A while back we put together a Kafka cluster with Raspberry Pis to test some real-time data streaming use cases. After a while it had to be temporarily decommissioned while we worked on other things but now we’re bringing her back!

A quick rundown on the cluster:

  • 7 Raspberry Pi 3B+
  • OS Raspbian Stretch Lite
  • 1 Zookeeper instance
  • 6 Kafka Brokers

Getting started with Kafka is as simple as heading over to the quickstart section of the Kafka docs and following the step-by-step instructions so I won’t repeat them here, go dig in for yourself.

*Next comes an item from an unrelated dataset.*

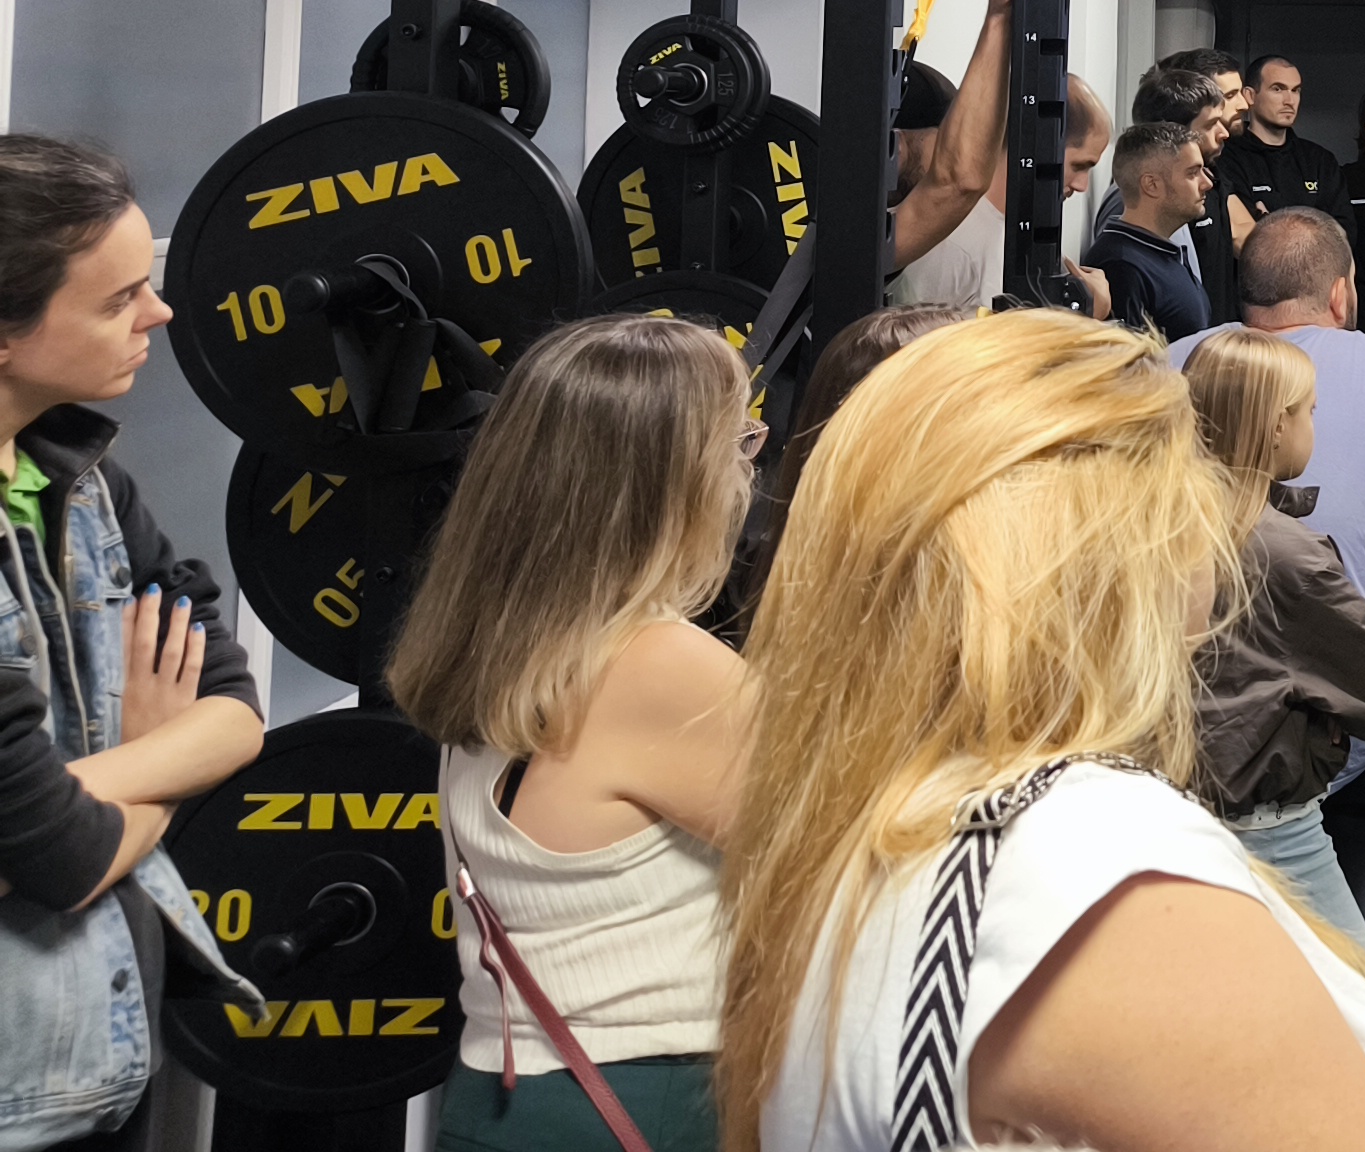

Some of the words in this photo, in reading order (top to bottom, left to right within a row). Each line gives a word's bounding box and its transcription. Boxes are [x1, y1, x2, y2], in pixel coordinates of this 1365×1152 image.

Instead, I want to go over the solutions to a couple of the problems I ran into in the parts that I worked on.

Problem 1 – Java Wants More Memory

Figuring out how to solve this (I know next to nothing about Java) was the absolute number one biggest nightmare that I ran into while trying to get Kafka to start on the Pi.

The RasPi 4 came out after we built the cluster. The 2GB or 4GB versions would probably run Kafka just fine out-of-the-box. In our case, we’re running on RasPi 3B+, with only 1GB of RAM to work with. From my very basic understanding, when the Kafka server application starts, Java (on which Kafka is built) starts up a JVM (Java Virtual Machine) and allocates itself a portion of memory for it’s own use, referred to as the heap. The default for Kafka is 1GB so every time you try to start a Kafka server on a RasPi 3B+ with 1GB of memory you get a Java exception.

java.io.IOException: Map failed

java.lang.OutOfMemoryError: Map failed

The solution is to alter a variable in the kafka_server_start.sh file, KAFKA_HEAP_OPTS.

Find the following line in the kafka_server_start.sh file:

export KAFKA_HEAP_OPTS="-Xmx1G -Xms1G"

Changing it to the following made Kafka start up easy as Pi.

export KAFKA_HEAP_OPTS="-Xmx512M -Xms512M"

Victory!

Problem 2 – Too Much Data, Too Little SD

When we first put the cluster together we used 16GB SD cards. With the log retention policy set to a default of 168 hours and more and more data streaming to the cluster as we came up with more ideas for things to measure or collect and stream, the SDs were full to busting in under a week. There are a few ways to solve this issue and we are using a combination of them.

  1. Manually flushing the logs is a temporary solution, the data will collect up again in time I suggest doing it as a troubleshooting measure rather than a way of dealing with the underlying problem
  2. Change the log retention policy. We have a Pi with InfluxDB, consuming the topic data into a database, meaning for our setup Kafka has to act as a data cache only for as long as the consumer Pi is likely to ever be down.
    • open config/server.properties with your preferred text editor app
    • change log.retention.hours=168 to the value of your choice, we chose 24.
  3. Use bigger SD cards, which we also have done.

Problem 3 – Connecting With the Outside World

Configuring the networking and Kafka server properties for the cluster to communicate with itself was a fairly simple matter but did require some forethought. I will probably write a separate tutorial for it at some point but I didn’t run into any issues so it is outside the scope of this blog.

The problem came when we had a producer script on a Pi Zero W connected to an external network, gathering environment data such as the temperature and pressure. In addition, we had a similar (now almost completed) project in mind for an OBD data reader/streamer which would have to also be externally connected via the internet. Port forwarding was set up on the router and I could not figure out why Kafka wouldn’t connect over a WAN when SSH worked fine.

Within the config/server.properties file, and the descriptions in the docs something that wasn’t immediately obvious to me was the distinction between listeners and advertised.listeners. In order for a device to connect to the cluster over WAN you need to make sure your server.properties file contains the following two lines (replace sections in square brackets [] with your own details).

  • listeners=[PROTOCOL]://[your.local.ip.address]:[kafka-port]
  • advertised.listeners=[PROTOCOL]://[your.public.ip.address]:[kafka-port]

Now (provided everything else is configured correctly 😉 ) you can connect to the cluster with producers and consumers that are on remote devices.

Problem 4 – Kafka Server Goes Down but Port Stays Open and Listening

This has happened a few times, a server goes down for some reason, or you shut it down but the port stays open and listening. Kafka and/or Zookeeper won’t start because they are unable to bind to the port specified in the config file. You can try finding a PID using lsof -i -P -n and kill it but that doesn’t always work. Sadly, the easiest way to guarantee that everything will start up again is a good old fashioned time consuming reboot.